中東情勢が緊迫する中、米国によるイラン攻撃は土壇場で回避され、市場にはひとまず安堵感が広がりました。しかし、本質的な対立が解消したわけではなく、問題の解決にはなお距離があると言えます。エネルギー価格が地政学に左右される構造は、今後も変わらないでしょう。
そうした中、先日メキシコを訪れる機会がありました。現金決済が85%を占め、銀行への信頼も限定的。インフォーマル経済の存在感も大きく、制度や経済の前提が日本とは大きく異なります。なかでも印象的だったのは、産油国でありながらガソリン価格が日本と同水準だったことです。
理由は明快です。メキシコは原油を産出しながらも、精製能力の不足や国営企業中心の体制のもとで、ガソリンの多くを米国から輸入しています。つまり、「資源を持っているか」ではなく、「付加価値を国内で担えるか」が価格を左右しているのです。一方の日本も、精製や流通では優位にあるものの、原油を海外に依存しており、価格の安定を外部に委ねている構造にあります。
資源を持たない以上、外部依存から完全に逃れることはできません。しかし、その依存の度合いは選ぶことができます。その意味で、国内で一定の供給を担える原発の活用は、有力な選択肢の一つだと考えます。実際、国内の議論も「是非」ではなく「どこまで使うか」という現実論に移ってきています。

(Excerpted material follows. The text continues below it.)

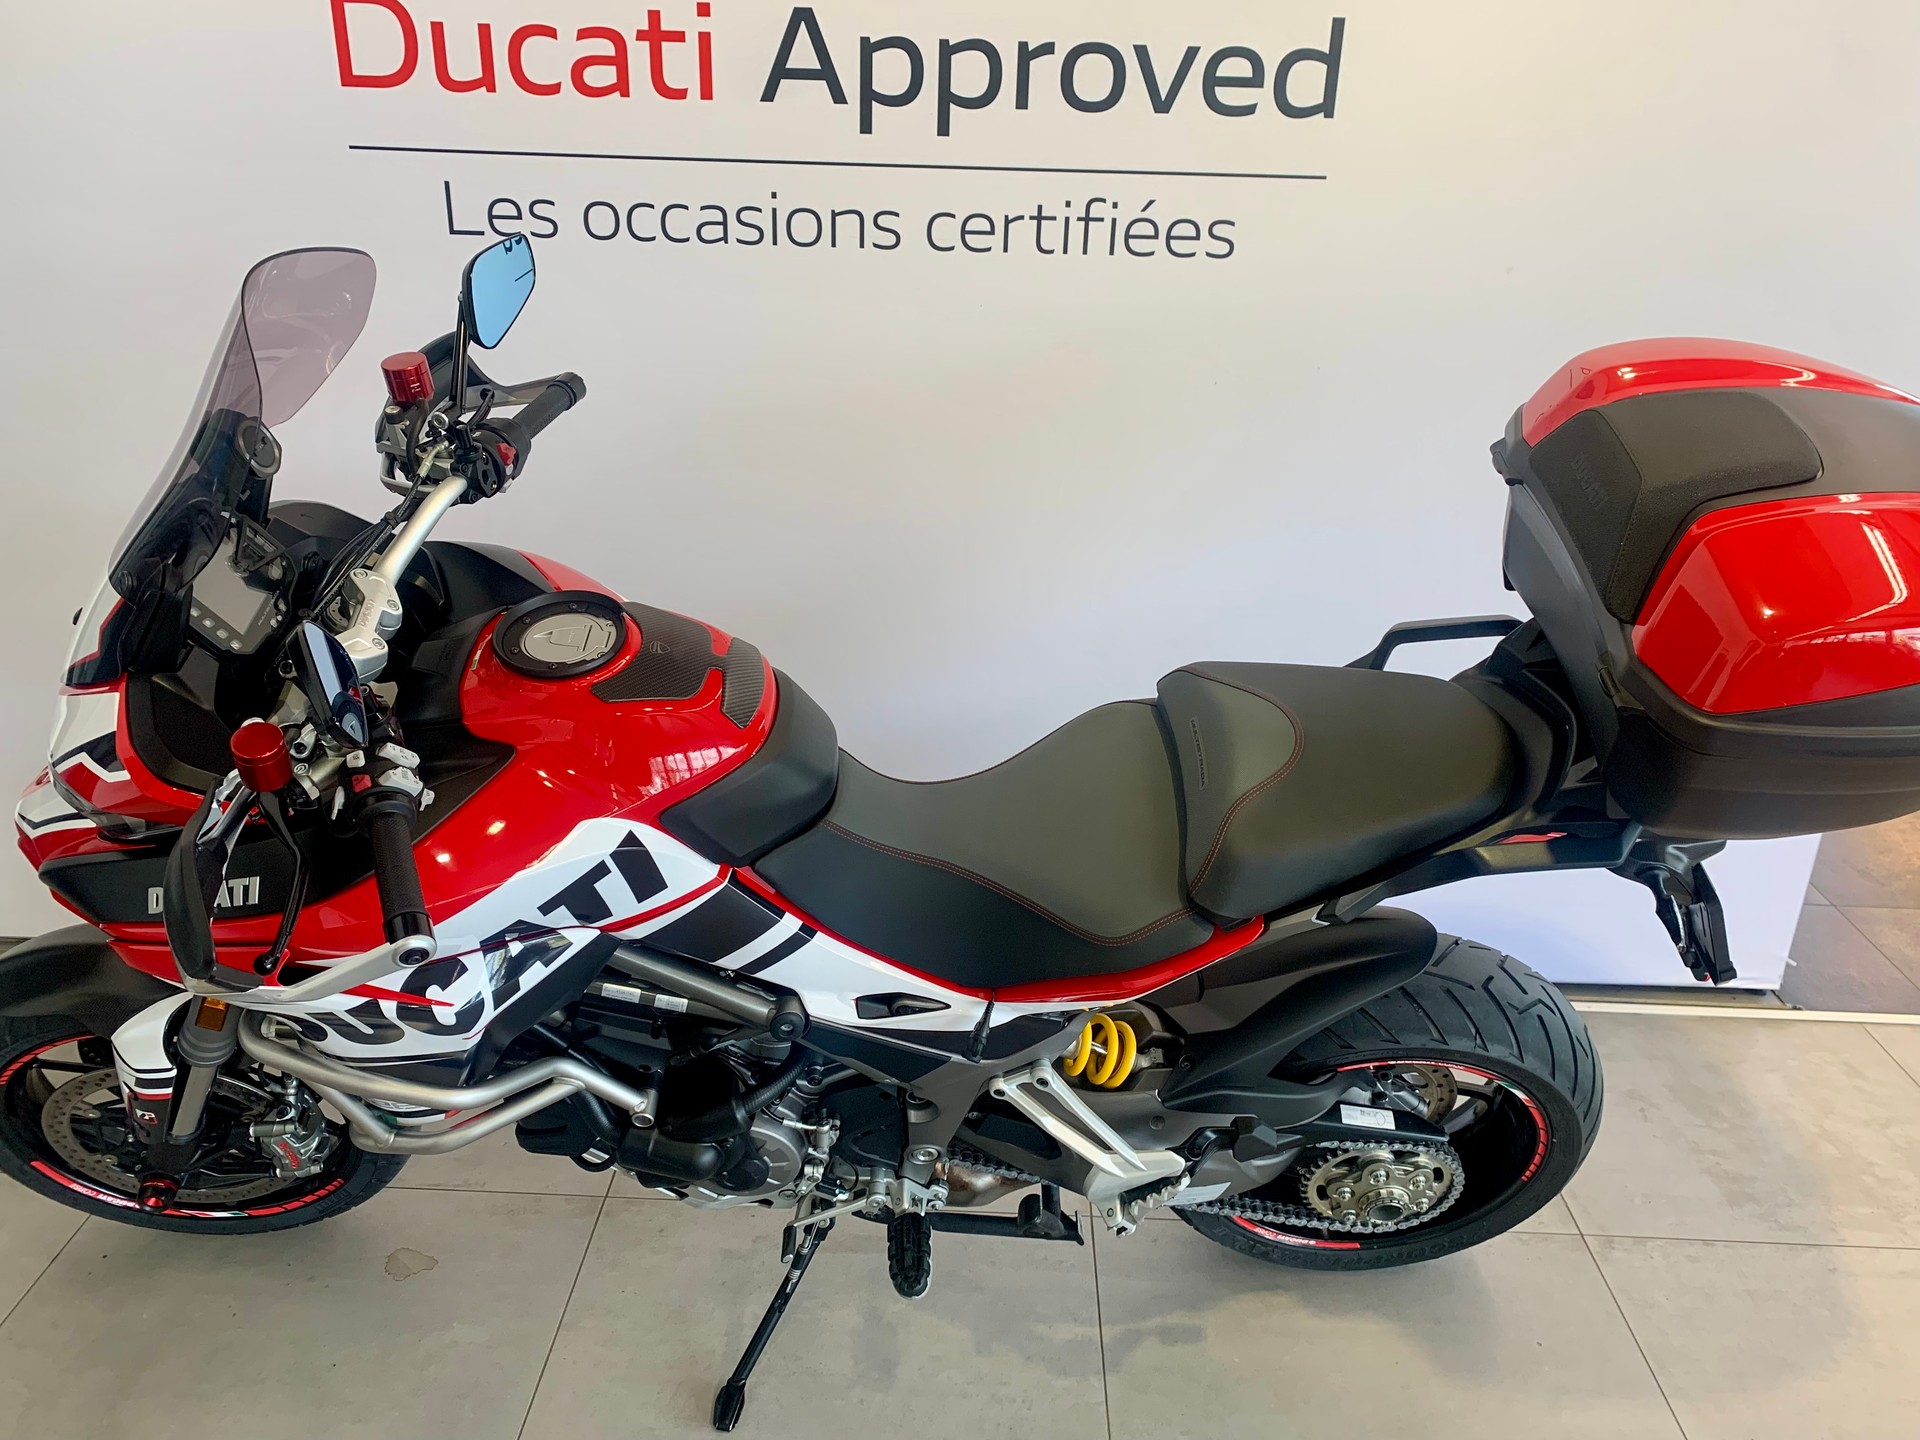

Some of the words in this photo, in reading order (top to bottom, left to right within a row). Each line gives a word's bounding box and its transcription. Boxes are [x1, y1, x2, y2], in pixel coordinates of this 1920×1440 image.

もっとも、原発は新たなリスクも伴います。重要インフラへのサイバー攻撃が現実の脅威となる中で、物理面だけでなくデジタル面を含めた安全性が前提となります。
結局のところ、日本が直面しているのは「正解のある問題」ではありません。外部依存による不安定さか、国内で管理する複雑なリスクか。その選択を曖昧にしたままでは、構造的な不利は変わらないでしょう。
メキシコで感じたのは、「持っているかどうか」ではなく「どう使うか」で国の強さは決まるという現実でした。日本もまた、どのリスクを引き受けるのかを、自ら選ばざるを得ない段階に来ているのでしょうね。